• **Task instructions**: Pictures stay out; please output the remaining data exactly.

• **Free-text object descriptions**:

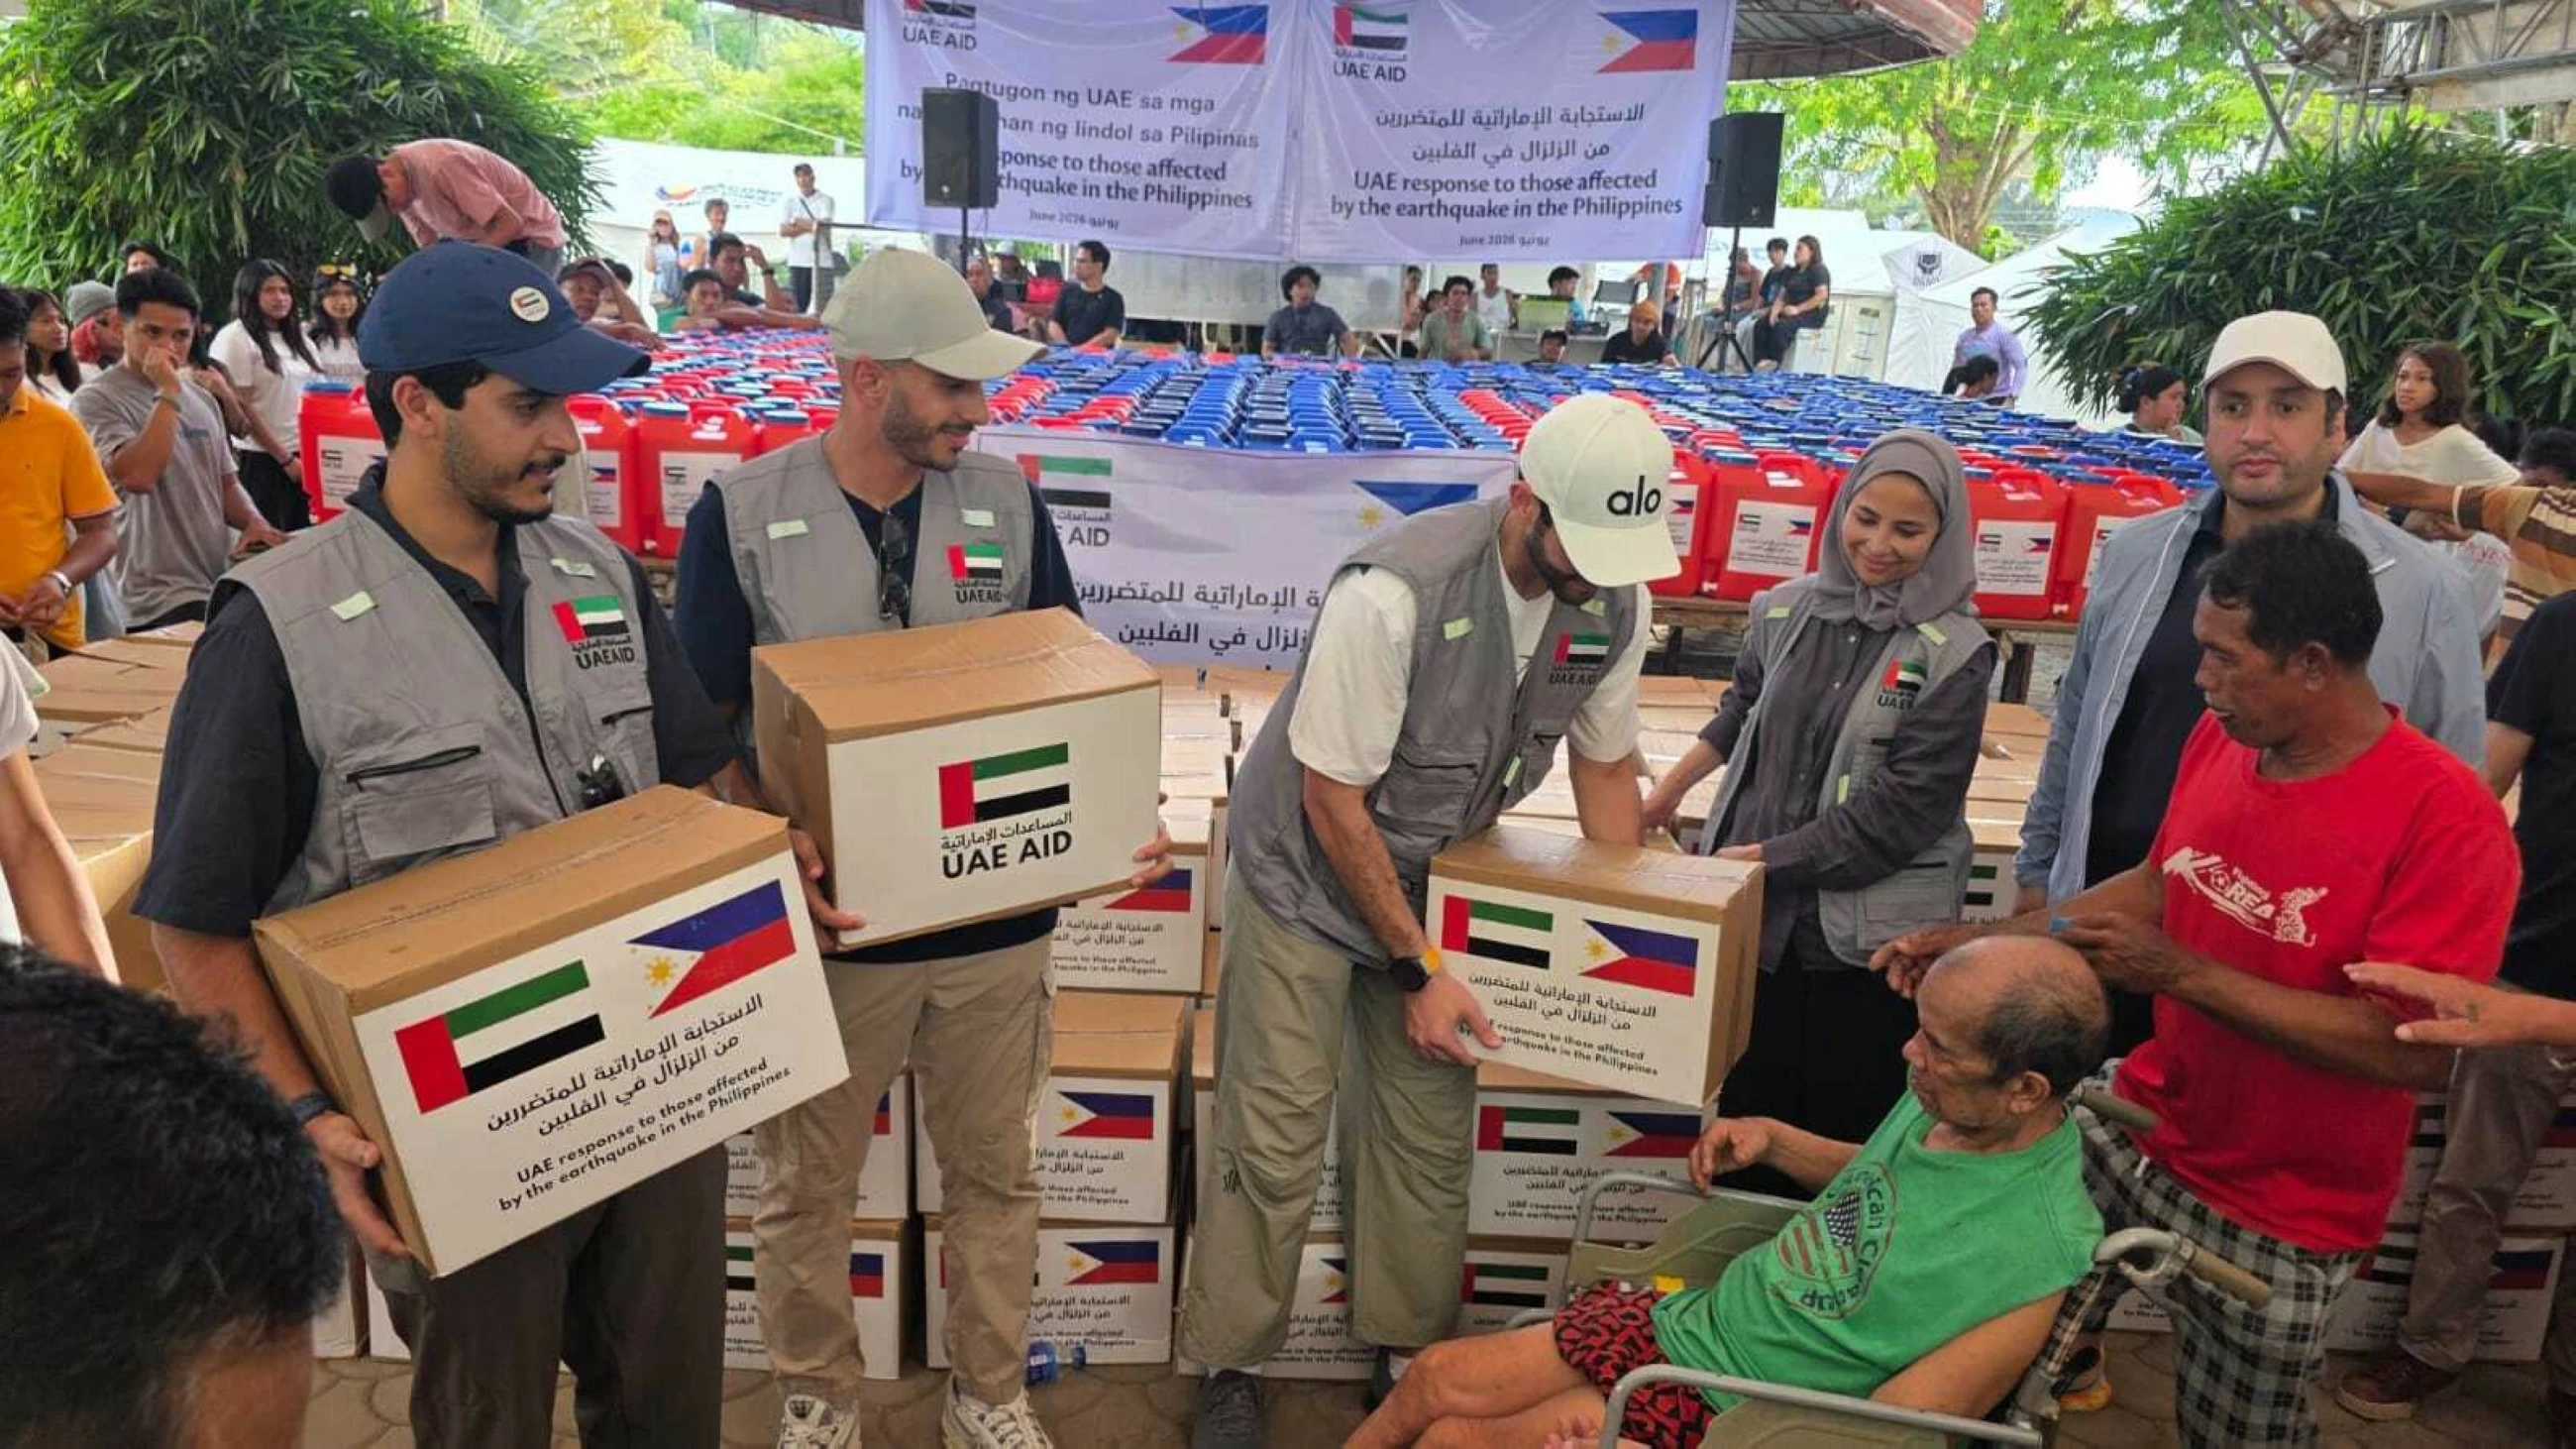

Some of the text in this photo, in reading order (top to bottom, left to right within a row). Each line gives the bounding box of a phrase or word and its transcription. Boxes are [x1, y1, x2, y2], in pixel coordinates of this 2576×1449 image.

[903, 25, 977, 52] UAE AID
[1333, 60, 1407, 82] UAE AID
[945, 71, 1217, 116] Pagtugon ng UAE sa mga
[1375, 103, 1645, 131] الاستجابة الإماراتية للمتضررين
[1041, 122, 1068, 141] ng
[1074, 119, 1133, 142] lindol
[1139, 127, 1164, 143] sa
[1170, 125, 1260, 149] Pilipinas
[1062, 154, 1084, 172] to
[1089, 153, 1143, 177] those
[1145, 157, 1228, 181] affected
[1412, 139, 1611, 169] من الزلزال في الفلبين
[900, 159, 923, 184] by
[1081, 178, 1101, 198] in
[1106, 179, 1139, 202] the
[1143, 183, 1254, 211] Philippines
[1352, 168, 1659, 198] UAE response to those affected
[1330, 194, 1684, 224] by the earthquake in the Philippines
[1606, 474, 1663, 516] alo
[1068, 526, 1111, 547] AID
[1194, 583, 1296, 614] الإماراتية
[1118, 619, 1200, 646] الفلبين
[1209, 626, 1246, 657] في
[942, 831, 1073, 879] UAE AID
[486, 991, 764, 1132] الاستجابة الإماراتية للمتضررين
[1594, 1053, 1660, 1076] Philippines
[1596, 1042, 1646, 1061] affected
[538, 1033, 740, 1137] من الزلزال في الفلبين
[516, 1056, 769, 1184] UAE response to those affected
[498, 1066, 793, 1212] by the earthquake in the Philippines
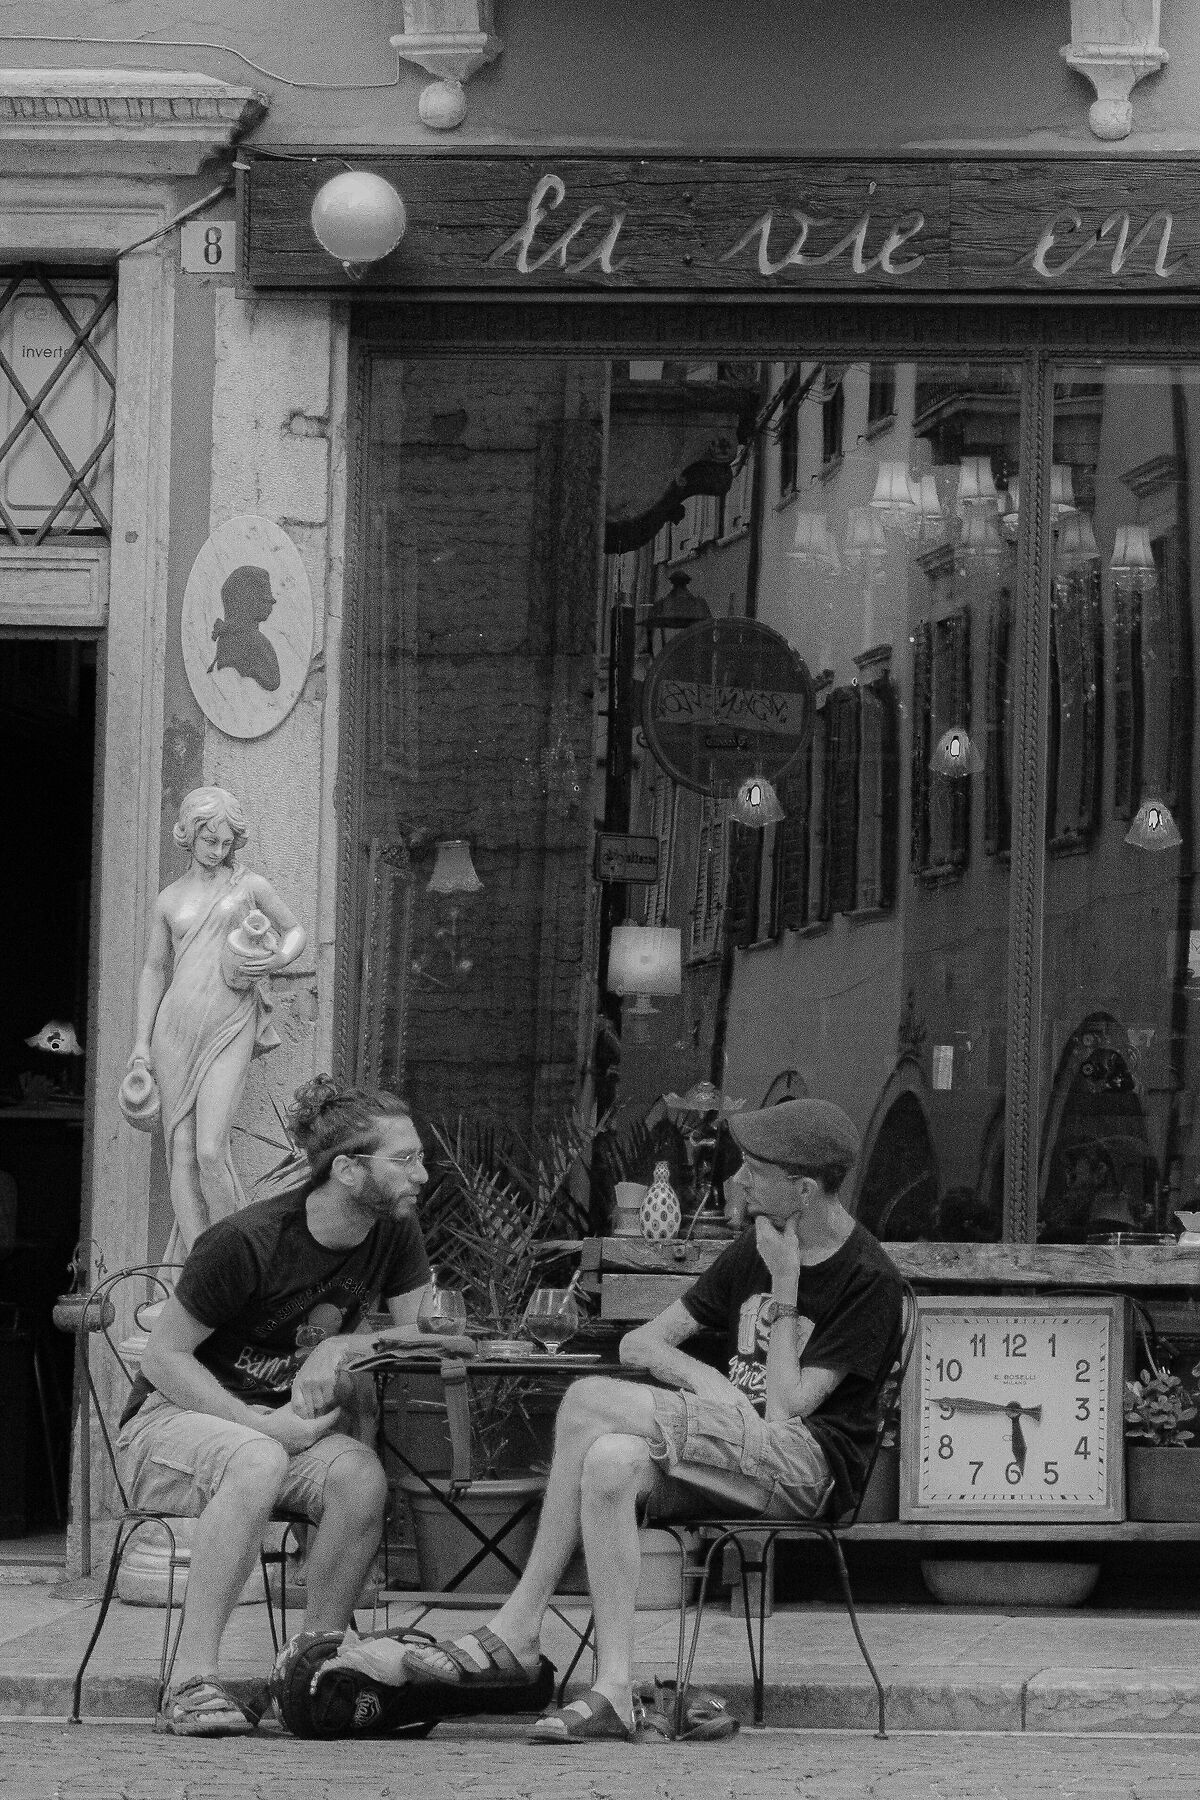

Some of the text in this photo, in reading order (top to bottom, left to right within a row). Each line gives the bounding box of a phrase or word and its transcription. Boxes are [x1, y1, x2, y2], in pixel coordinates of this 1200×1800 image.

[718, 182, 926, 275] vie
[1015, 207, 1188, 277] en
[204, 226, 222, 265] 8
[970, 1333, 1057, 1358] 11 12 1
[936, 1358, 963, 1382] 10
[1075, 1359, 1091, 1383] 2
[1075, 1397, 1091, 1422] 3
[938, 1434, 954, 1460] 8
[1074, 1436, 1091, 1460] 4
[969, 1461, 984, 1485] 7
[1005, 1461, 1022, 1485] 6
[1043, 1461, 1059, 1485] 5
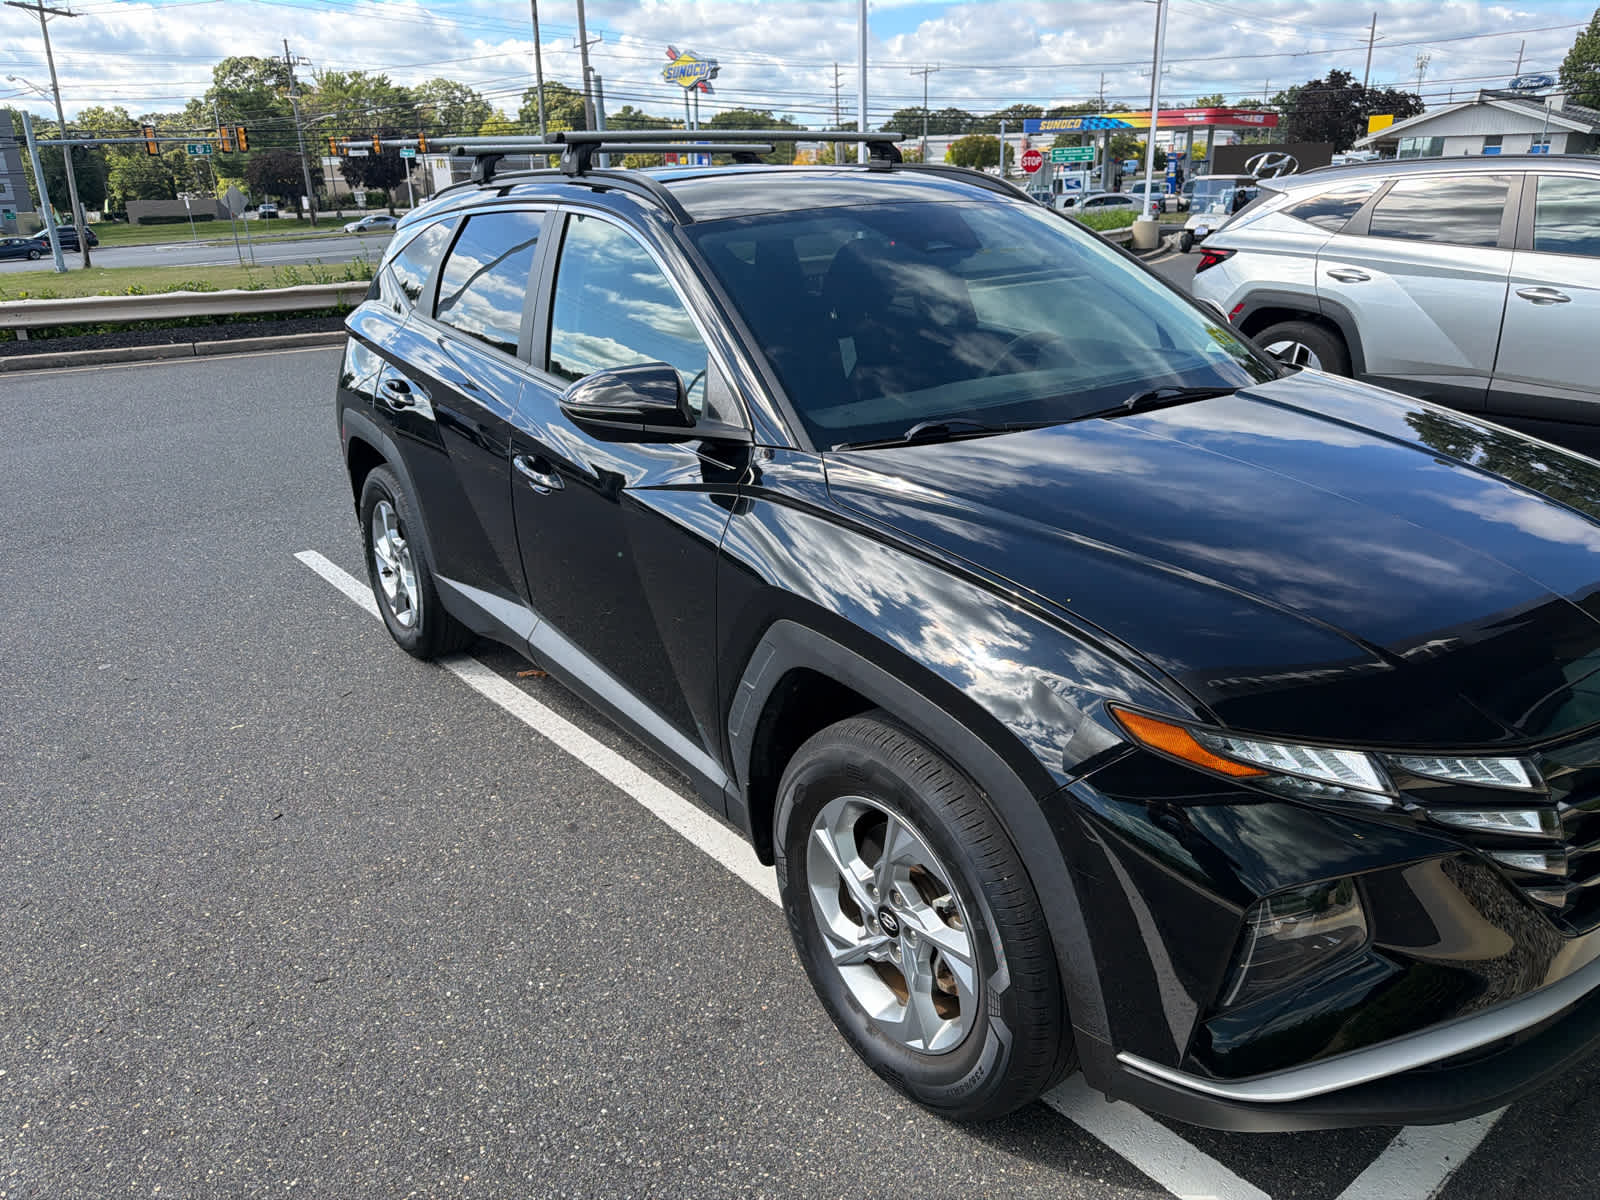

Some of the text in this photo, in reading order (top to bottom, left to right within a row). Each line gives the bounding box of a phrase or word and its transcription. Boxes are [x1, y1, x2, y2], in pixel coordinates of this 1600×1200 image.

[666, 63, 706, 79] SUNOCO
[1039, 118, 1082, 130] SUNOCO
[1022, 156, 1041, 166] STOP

• **Solution to this exercise**:
Some of the text in this photo, in reading order (top to bottom, left to right within a row). Each line gives the bounding box of a phrase or word and its transcription. Boxes are [x1, y1, x2, y2], in pixel coordinates of this 2576×1449 image.

[903, 25, 977, 52] UAE AID
[1333, 60, 1407, 82] UAE AID
[945, 71, 1217, 116] Pagtugon ng UAE sa mga
[1375, 103, 1645, 131] الاستجابة الإماراتية للمتضررين
[1041, 122, 1068, 141] ng
[1074, 119, 1133, 142] lindol
[1139, 127, 1164, 143] sa
[1170, 125, 1260, 149] Pilipinas
[1062, 154, 1084, 172] to
[1089, 153, 1143, 177] those
[1145, 157, 1228, 181] affected
[1412, 139, 1611, 169] من الزلزال في الفلبين
[900, 159, 923, 184] by
[1081, 178, 1101, 198] in
[1106, 179, 1139, 202] the
[1143, 183, 1254, 211] Philippines
[1352, 168, 1659, 198] UAE response to those affected
[1330, 194, 1684, 224] by the earthquake in the Philippines
[1606, 474, 1663, 516] alo
[1068, 526, 1111, 547] AID
[1194, 583, 1296, 614] الإماراتية
[1118, 619, 1200, 646] الفلبين
[1209, 626, 1246, 657] في
[942, 831, 1073, 879] UAE AID
[486, 991, 764, 1132] الاستجابة الإماراتية للمتضررين
[1594, 1053, 1660, 1076] Philippines
[1596, 1042, 1646, 1061] affected
[538, 1033, 740, 1137] من الزلزال في الفلبين
[516, 1056, 769, 1184] UAE response to those affected
[498, 1066, 793, 1212] by the earthquake in the Philippines

Some of the text in this photo, in reading order (top to bottom, left to right within a row). Each line gives the bounding box of a phrase or word and its transcription. Boxes are [x1, y1, x2, y2], in pixel coordinates of this 1200×1800 image.

[718, 182, 926, 275] vie
[1015, 207, 1188, 277] en
[204, 226, 222, 265] 8
[970, 1333, 1057, 1358] 11 12 1
[936, 1358, 963, 1382] 10
[1075, 1359, 1091, 1383] 2
[1075, 1397, 1091, 1422] 3
[938, 1434, 954, 1460] 8
[1074, 1436, 1091, 1460] 4
[969, 1461, 984, 1485] 7
[1005, 1461, 1022, 1485] 6
[1043, 1461, 1059, 1485] 5

Some of the text in this photo, in reading order (top to bottom, left to right within a row). Each line gives the bounding box of a phrase or word and its transcription. Boxes are [x1, y1, x2, y2], in pixel coordinates of this 1600×1200 image.

[666, 63, 706, 79] SUNOCO
[1039, 118, 1082, 130] SUNOCO
[1022, 156, 1041, 166] STOP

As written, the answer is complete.